Some information on the R-squuared values reported by **FSSgam** can be found in the help file, type **?fit.model.set** into the R console. The default value supplied is an approximation based on the R-square value calculated for a model between the fitted values and the observed data. This approximation was used because R.sq is not always provided by the underlying **gam(m)** functions used, and may cause errors. If you set the argument **r2.type=”r2”** **FSSgam** will return the R-square as calculated by the underlying gam function, which in most cases is what should be reported. If you want an **R.sq** that represents that left over after random effects are removed, you can also set **report.unique.r2=TRUE** which will subtract the null model **R2** from each of the fitted models in the set. The **report.unique.r2** as defined can sometimes yield negative R.sq values, so may or may not be useful for reporting. There are more formal methods for calculating the R.sq for the fixed component of models as these cannot be easily generalised across all the model types handled by **FSSgam** this is not currently implemented in the package. Subtracting the null model R.sq is a simplification, but potentially still informative.

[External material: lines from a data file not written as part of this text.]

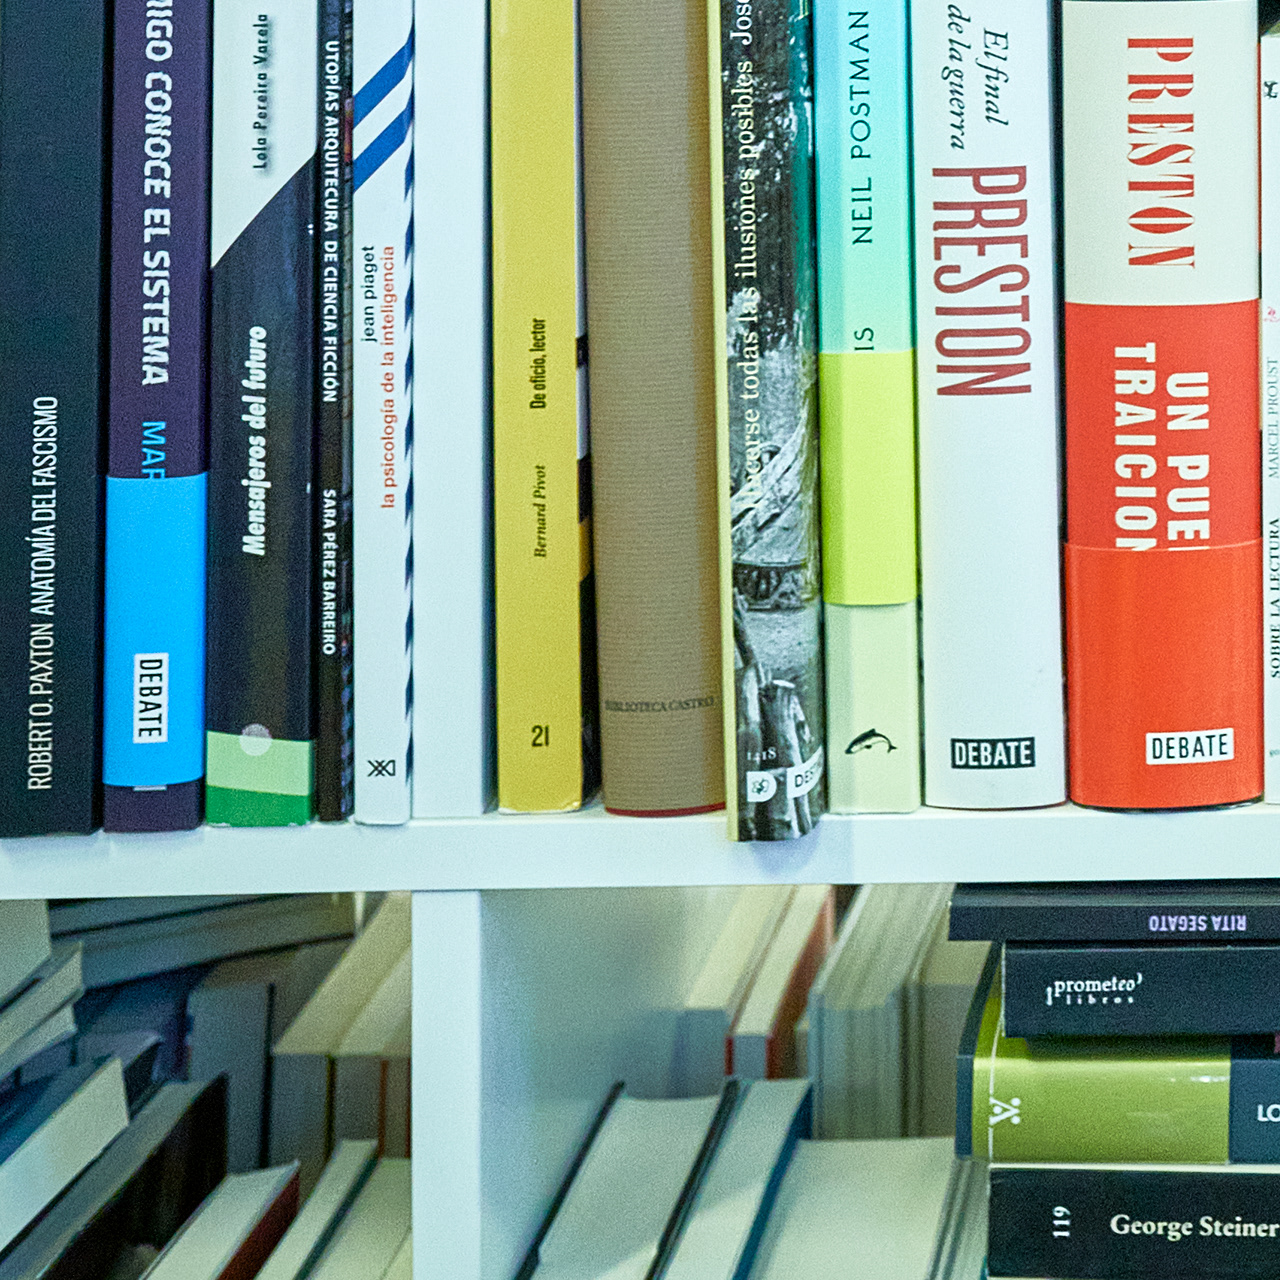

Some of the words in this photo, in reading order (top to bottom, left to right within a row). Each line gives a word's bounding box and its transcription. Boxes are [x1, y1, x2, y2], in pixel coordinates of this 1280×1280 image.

[849, 11, 870, 159] POSTMAN
[143, 71, 173, 199] CONOCE
[1128, 38, 1195, 268] PRESTON
[144, 208, 171, 242] EL
[851, 179, 873, 244] NEIL
[142, 245, 170, 385] SISTEMA
[932, 165, 1032, 397] PRESTON
[242, 326, 266, 397] futuro
[32, 397, 57, 483] FASCISMO
[242, 401, 266, 429] del
[31, 486, 56, 520] DEL
[242, 433, 267, 556] Mensajeros
[322, 489, 335, 527] SARA
[24, 524, 56, 616] ANATOMÍA
[321, 531, 336, 581] PÉREZ
[322, 584, 334, 656] BARREIRO
[29, 623, 55, 695] PAXTON
[28, 698, 54, 717] O.
[138, 660, 162, 737] DEBATE
[27, 719, 53, 790] ROBERT
[955, 741, 1032, 766] DEBATE
[1152, 733, 1228, 760] DEBATE
[1149, 915, 1208, 931] SEGATO
[1211, 915, 1246, 931] RITA
[1053, 1206, 1071, 1238] 119
[1110, 1213, 1192, 1240] George
[1199, 1216, 1279, 1237] Steiner

## Do I need to include a Null intercept only model in **null.terms**?
FSSgam automatically includes a null, intercept only model in the model set. This model will add any additional terms specified as **null.terms** to the model formula as well. The null model is useful to assess if any of the included predictors have explanatory value, thus if your null model is in the top set (say within 2AICc), it may be inferred that none of the predictors are useful beyond simply a mean value of the response.
## When I use lm4=TRUE, so I need to include my random effect in **null.terms**?

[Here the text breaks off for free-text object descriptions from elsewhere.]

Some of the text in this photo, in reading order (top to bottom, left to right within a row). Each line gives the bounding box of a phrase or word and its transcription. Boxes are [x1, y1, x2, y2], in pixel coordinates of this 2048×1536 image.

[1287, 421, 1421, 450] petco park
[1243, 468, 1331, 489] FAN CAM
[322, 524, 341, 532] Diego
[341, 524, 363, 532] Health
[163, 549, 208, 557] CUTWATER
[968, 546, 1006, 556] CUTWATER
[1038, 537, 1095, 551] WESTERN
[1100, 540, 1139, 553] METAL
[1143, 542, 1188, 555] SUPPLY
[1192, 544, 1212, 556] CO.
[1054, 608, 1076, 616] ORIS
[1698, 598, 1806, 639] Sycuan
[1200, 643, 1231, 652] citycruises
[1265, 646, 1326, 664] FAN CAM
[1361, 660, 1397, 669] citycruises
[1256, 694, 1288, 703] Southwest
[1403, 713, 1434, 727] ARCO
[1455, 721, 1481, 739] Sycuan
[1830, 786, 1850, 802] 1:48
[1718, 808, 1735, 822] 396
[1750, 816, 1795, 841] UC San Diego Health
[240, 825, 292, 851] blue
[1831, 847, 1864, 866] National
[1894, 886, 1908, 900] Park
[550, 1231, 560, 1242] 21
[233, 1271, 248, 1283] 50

The FSSgam package only updates the model formula, everything else in the model remains the same and becomes part of the null model. When a gamm4 is fit using lme4 = TRUE, this is a separate argument to gamm4 ("random") - and so the specified random effect will be retained as part of the null model. SO the answer is NO, in this case you do not need to add your random effect to **null.terms**. The only reason random effects sometimes need to be specified in **null.terms** is when the formulation bs='re' is used to specify them in gam from mgcv - because in that case they are part of the model formula and will be overwritten by the set of model formula as they are fit by FSSgam.